The lesson you should learn from this is never to feel ordinary. If you feel like that. you will invariably lack the instinct needed to make good betting decisions.

In short, then, "talk" yourself up, listen to your "inner voice" and once you've made a decision, stick to it. Never dither or allow a friend to talk you out of your plan.

Your personal attitude will be called into play whenever you strike a losing streak. These are going to happen, no matter how smart you are, What you must never do is to fall to pieces once you're enmeshed in the negative run.

When I talk about a losing streak I mean something that's really bad ... 20 or more losers in a row. Often, we will strike losing runs that are just part and parcel of a normal betting cycle. These may be seven or eight successive losers, or even 10.

The cycle becomes a streak when it hits double figures and then proceeds to mount.

Your first step is to examine WHY the losers refuse to stop arriving. Maybe your handicapping or system needs a reappraisal? Maybe it's just you making all the wrong decisions?

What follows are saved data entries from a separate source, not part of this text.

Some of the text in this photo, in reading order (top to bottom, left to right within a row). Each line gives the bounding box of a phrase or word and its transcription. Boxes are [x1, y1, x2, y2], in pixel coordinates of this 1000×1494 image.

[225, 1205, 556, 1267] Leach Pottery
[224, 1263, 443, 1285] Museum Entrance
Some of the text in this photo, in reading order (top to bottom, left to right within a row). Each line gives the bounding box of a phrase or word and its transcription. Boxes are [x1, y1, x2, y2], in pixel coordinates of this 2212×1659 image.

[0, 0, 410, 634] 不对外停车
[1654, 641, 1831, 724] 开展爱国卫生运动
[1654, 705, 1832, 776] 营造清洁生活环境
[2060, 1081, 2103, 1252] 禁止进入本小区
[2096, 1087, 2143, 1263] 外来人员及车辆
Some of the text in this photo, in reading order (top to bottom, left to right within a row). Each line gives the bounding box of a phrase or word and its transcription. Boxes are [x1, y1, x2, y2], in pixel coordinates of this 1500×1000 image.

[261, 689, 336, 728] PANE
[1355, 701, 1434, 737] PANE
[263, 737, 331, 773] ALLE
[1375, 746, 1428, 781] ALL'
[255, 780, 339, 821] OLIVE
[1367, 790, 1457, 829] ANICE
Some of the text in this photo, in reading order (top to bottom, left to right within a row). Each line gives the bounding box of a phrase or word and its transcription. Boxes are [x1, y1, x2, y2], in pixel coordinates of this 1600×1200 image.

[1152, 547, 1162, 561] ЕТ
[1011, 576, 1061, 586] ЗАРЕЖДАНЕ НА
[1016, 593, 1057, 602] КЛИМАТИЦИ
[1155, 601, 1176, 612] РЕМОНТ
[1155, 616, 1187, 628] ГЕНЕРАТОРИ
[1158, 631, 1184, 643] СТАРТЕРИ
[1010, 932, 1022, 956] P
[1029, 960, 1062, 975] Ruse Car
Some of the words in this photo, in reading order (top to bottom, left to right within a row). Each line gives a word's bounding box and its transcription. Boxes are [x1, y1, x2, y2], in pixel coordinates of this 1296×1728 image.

My cure is to suggest that you cease betting for a while. Give yourself a holiday. Don’t look at a formguide or watch a race for a week or two.

You can then return to the fray totally refreshed and probably with some answers to the problems that were besetting your betting.

Take heart in the fact that you are not alone with your betting problems. Even the very best handicappers have their personal torments.

US expert Barry Meadow, whose excellent articles appear regularly in PPM, admits: "Every day I suffer a crisis in confidence. But the next day I think I'm gonna win. I try to maintain a positive outlook while having no inner confidence whatsoever.

"Six winners in a row and I'm hot ... six losers in a row and I'm due."